Ex funcionario brasileño culpa de la crisis a los derivados y propone de nuevo control de cambios.

28 de octubre de 2008

25 de octubre del 2008 (LPAC).— El profesor Carlos Lessa, uno de los pocos brasileños sensatos ante la actual crisis de desintegración financiera, afirmó el 20 de octubre que la razón de la crisis en los mercados internacionales se debe a que que reventó la burbuja global de los derivados. En un discurso dado el 24 de octubre sobre "la crisis en los EUA y sus repercusiones en Brasil y el mundo", ante la Asociación Brasileña de Información (ABI), el ex presidente del Banco Nacional de Desarrollo Social (BNDES) presentó un análisis que contiene elementos conocidos para los lectores de la obra de Lyndon LaRouche al respecto.

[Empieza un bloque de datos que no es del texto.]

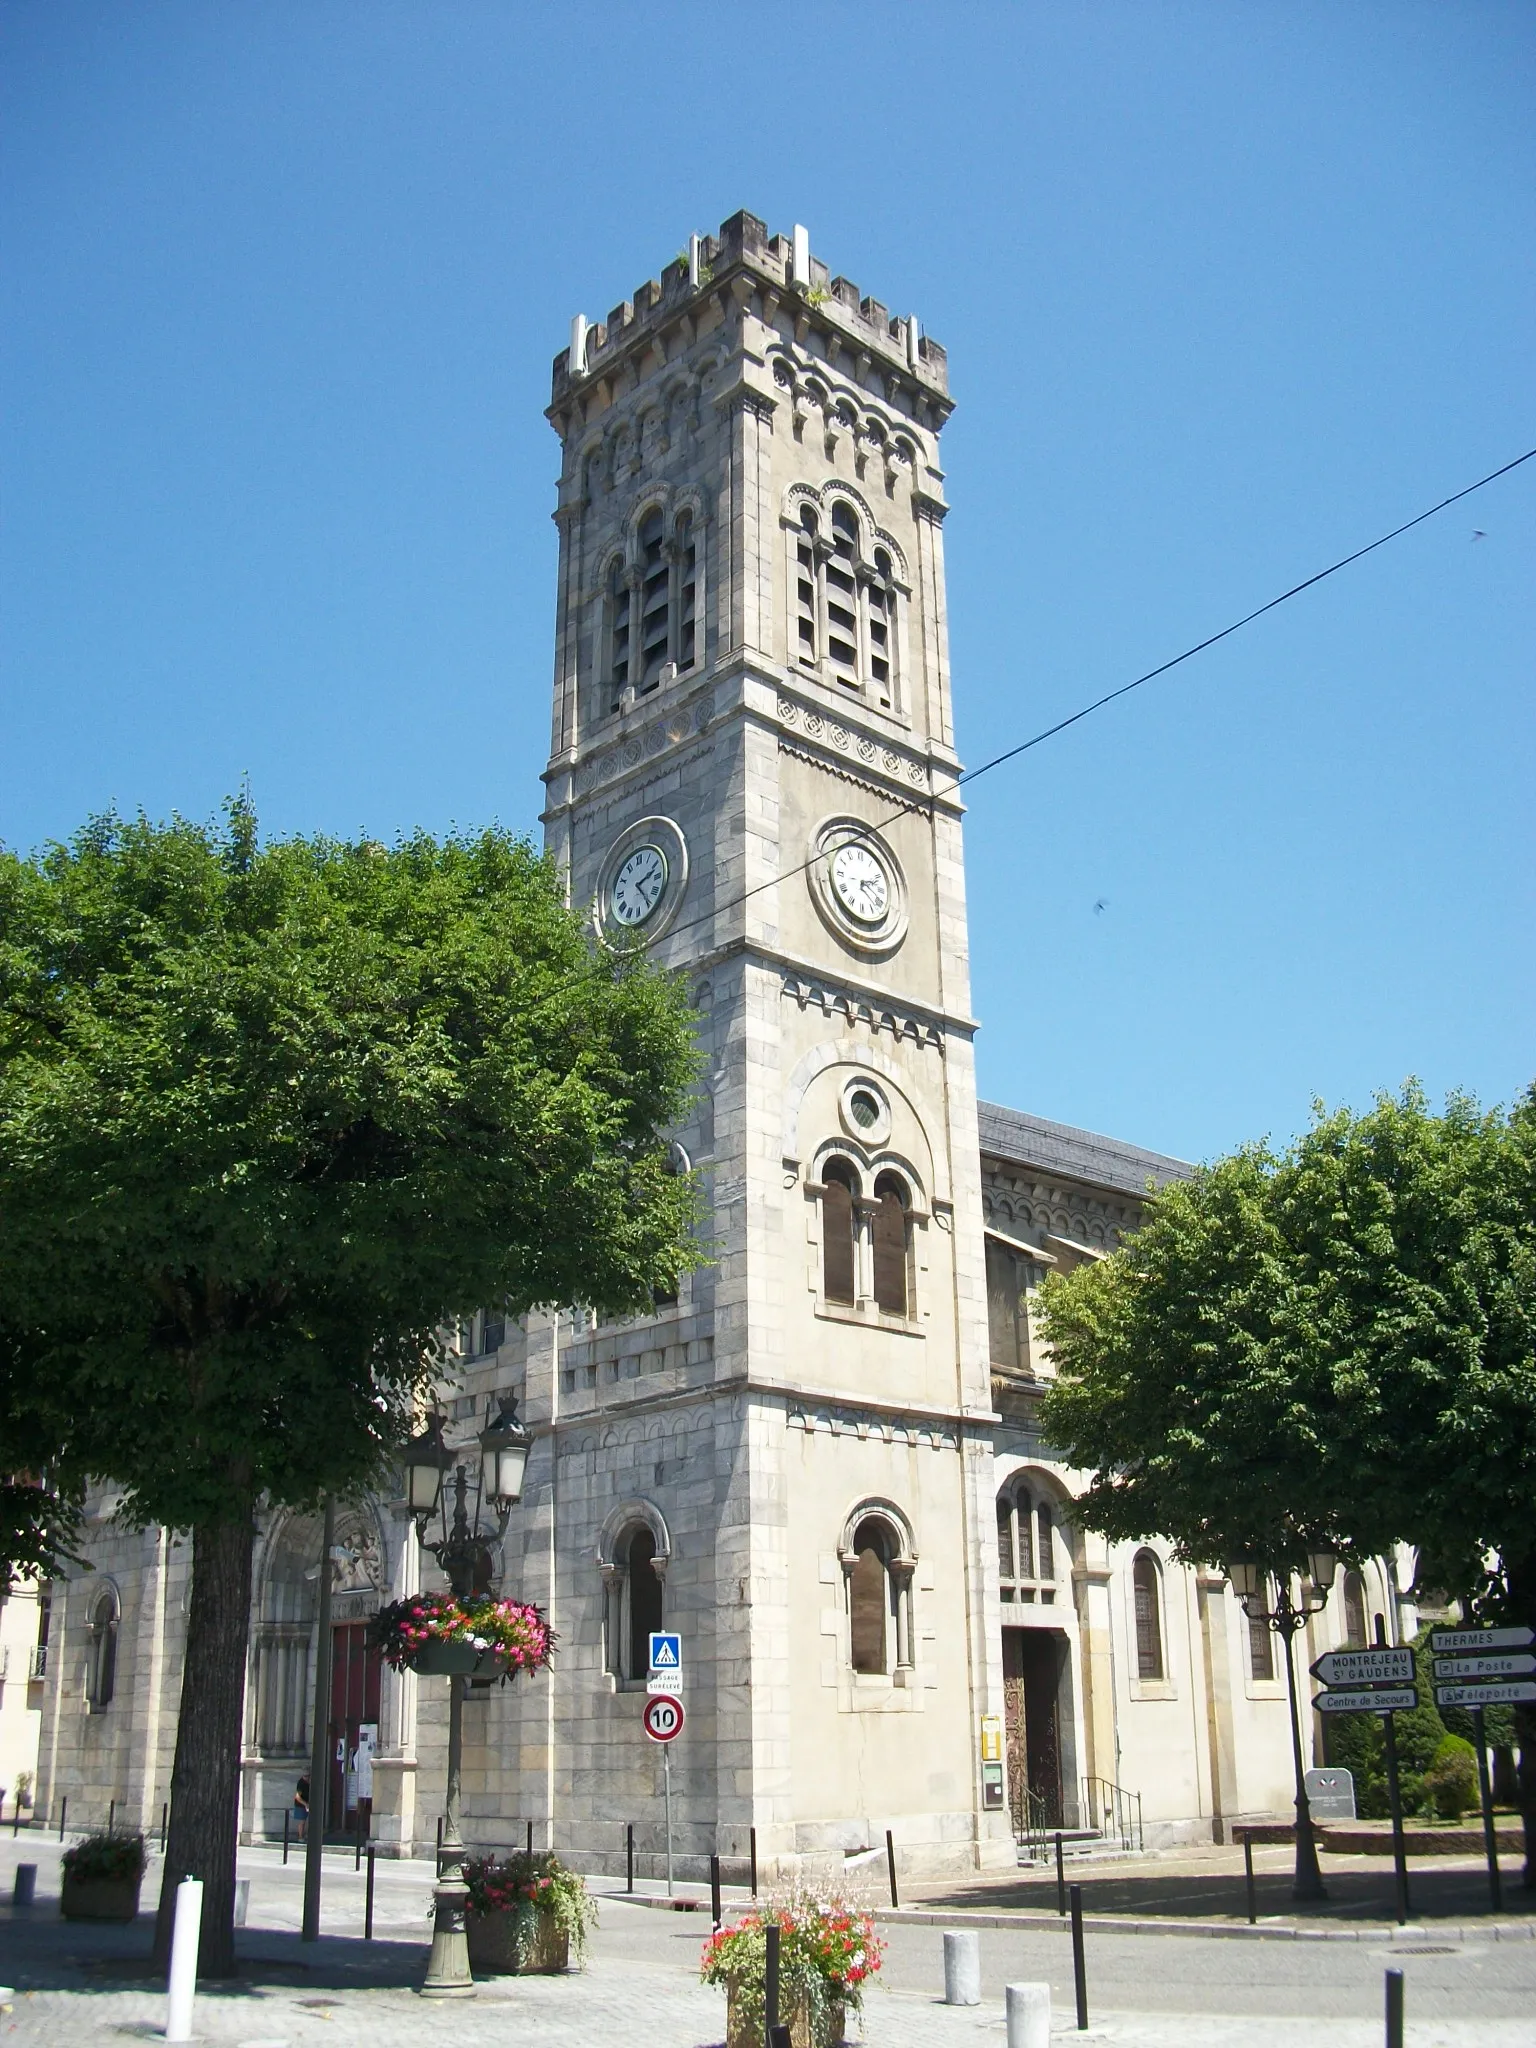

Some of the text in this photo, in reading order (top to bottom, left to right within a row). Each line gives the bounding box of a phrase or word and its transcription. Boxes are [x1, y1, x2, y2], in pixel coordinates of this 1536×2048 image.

[1437, 1633, 1493, 1646] THERMES
[1332, 1653, 1407, 1667] MONTRÉJEAU
[1457, 1661, 1512, 1672] La Poste
[1349, 1666, 1408, 1679] GAUDENS
[1327, 1695, 1410, 1707] Centre de Secours
[653, 1709, 674, 1727] 10

"El profesor Lessa trazó la historia de la turbulencia actual en la economía internacional a partir del fin de la paridad del dólar con el oro de 1971", informó el periodista Julio César de Freixo Lobo, señalando que Lesa explicó que "el problema es que la emisión de papel o derivados excede el total de la riqueza actual de los países del mundo por un factor de diez. 'Para darles una idea: el cálculo es que el PIB del mundo es de 67 billones de dólares, en tanto que valor total en papeles es de unos 600 billones de dólares, y ahora esa burbuja especulativa ha estallado", explicó Lessa, según lo cita Freixo Lobo.

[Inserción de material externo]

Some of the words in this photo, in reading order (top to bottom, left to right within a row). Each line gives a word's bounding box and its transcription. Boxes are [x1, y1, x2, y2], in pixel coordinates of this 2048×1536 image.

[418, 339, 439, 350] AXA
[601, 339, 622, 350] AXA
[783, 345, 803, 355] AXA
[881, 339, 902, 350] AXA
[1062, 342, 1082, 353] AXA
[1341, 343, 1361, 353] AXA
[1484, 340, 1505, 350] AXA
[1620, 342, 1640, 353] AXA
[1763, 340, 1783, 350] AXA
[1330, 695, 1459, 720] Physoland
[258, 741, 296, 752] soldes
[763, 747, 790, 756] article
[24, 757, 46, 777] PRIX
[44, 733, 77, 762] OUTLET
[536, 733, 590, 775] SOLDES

"Según el profesor, existe un movimiento de países como Francia y Rusia que intentan disminuir los efectos de la crisis", escribe Freixo Lobo, que Lessa acoge ya que "nosotros también podríamos tener lo que se conoce como depresión económica en el mundo, como la que sucedió en los años siguientes a 1929 con el derrumbe de la Bolsa de Valores de Nueva York".

"Lessa afirmó que el país tiene una política económica vulnerable, a la luz del libre comercio en monedas y bienes. Señaló que las reservas de dólares del país [202 mil millones de dólares] podrían desaparecer en poco menos de un mes, debido a la fuga de capitales de los inversionistas extranjeros que busquen cubrir sus posiciones negativas en el exterior". El artículo cita luego a Lessa reiterando su llamado para Brasil adopte un control de cambios y capitales: "Yo propongo una centralización y control de la venta de la moneda por nuestras autoridades monetarias".

En noviembre del 2005, cuando se le destituyó como cabeza del BNDES, Lessa se destacó de manera única al lanzar un ataque brutal contra la élite dirigente del Brasil. El problema en Brasil, dijo con razón, es una élite nacional que no quiere hacer nada con la población brasileña, una élite que mantuvo la esclavitud lo más posible [hasta 1888], y que a lo largo de la historia de Brasil ha aplastado todo intento de formar una contra élite comprometida con el desarrollo de la población.

Ésta es precisamente la perspectiva oligárquica muy arraigada contra los pobres en Brasil que Lyndon LaRouche ha señalado con insistencia como la razón de que sea el país del continente más difícil de cambiar, a pesar de ser el más poderoso en cuanto a potencial. Al recordar su visita a Sao Paulo del 2002, LaRouche se ha referido al contraste imperante entre las favelas donde la policía ni siquiera se atreve a entrar y la indiferencia de los más acomodados que viven en fincas fortificadas.